Review: The Majestic Grill
The sheer size of this place is enough to make even the most daring of restaurateurs shiver. Two floors each with large private dining rooms, The Majestic Grill is no timid operation. It’s not so much fine dining since the centerpiece of the restaurant is a giant screen used to show old movies. For those interested in color, a long wood-paneled bar is equipped with plasma screens. The overall atmosphere is lively but not rambunctious, classy but relaxed.
My appetizer was baked goat cheese with basil-tomato sauce and garlic crostini. Presentation was sloppy and the waiter failed to warn me of how hot the plate was. The goat cheese was very smooth both in texture and flavor. Some goat cheeses linger too long in your mouth and leave you cringing for something else to taste but this one did not. I didn’t expect the cheese to come floating in a pool of basil-tomato sauce as it did, making the overall flavor profile closer to a pizza. Fresh basil is fresh basil and it certinaly gave the tomato sauce a nice kick.

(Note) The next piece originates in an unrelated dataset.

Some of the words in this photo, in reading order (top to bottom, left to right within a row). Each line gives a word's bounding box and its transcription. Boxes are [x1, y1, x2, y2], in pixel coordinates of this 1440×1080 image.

Entree was a roasted mahi-mahi with garlic mashed potatoes, artichokes, and artichoke butter. The mahi-mahi served was very large for the $18 I paid. It was perfectly cooked so that the fish was done throughout but not rubbery. This dish though lacked heat, as Emeril Lagasse would say, and towards the end became very uninteresting to eat as I chiseled at the large fish bite by bite. The artichoke butter didn’t lift the fish up and add a punch but rather calmed everything down with its very mellow and rich elements. The fish though was very fresh, and I applaud the restaurant for that.

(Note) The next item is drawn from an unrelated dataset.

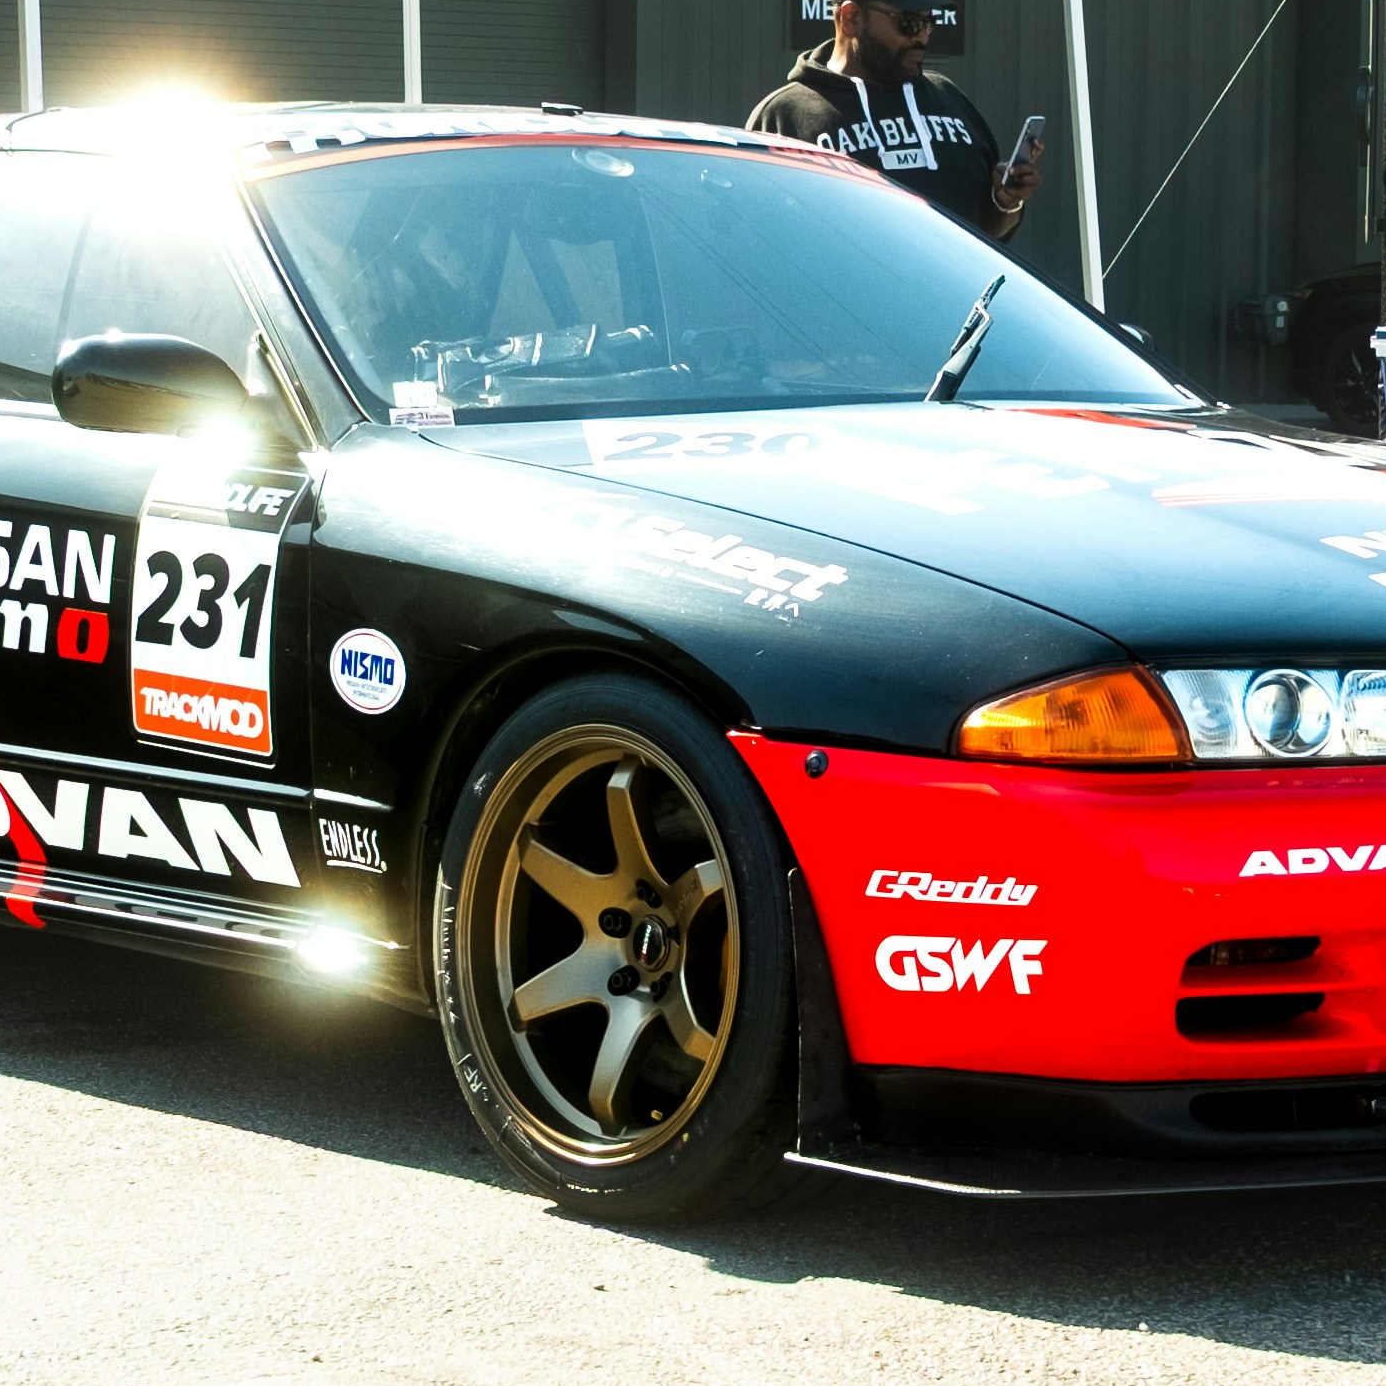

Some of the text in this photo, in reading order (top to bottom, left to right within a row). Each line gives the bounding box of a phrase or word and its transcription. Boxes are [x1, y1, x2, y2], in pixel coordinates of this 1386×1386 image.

Maybe it’s this summer heat that shrinks my appetite but I left The Majestic Grill completely stuffed. I should have left a few pieces of fish on my plate for the busboy, but like the greedy fool I am, I ate everything. Maybe my fullness is a testament to the portions at this reasonabley priced grill. In any case, I very much enjoyed my meal at The Majestic and will definitely be back.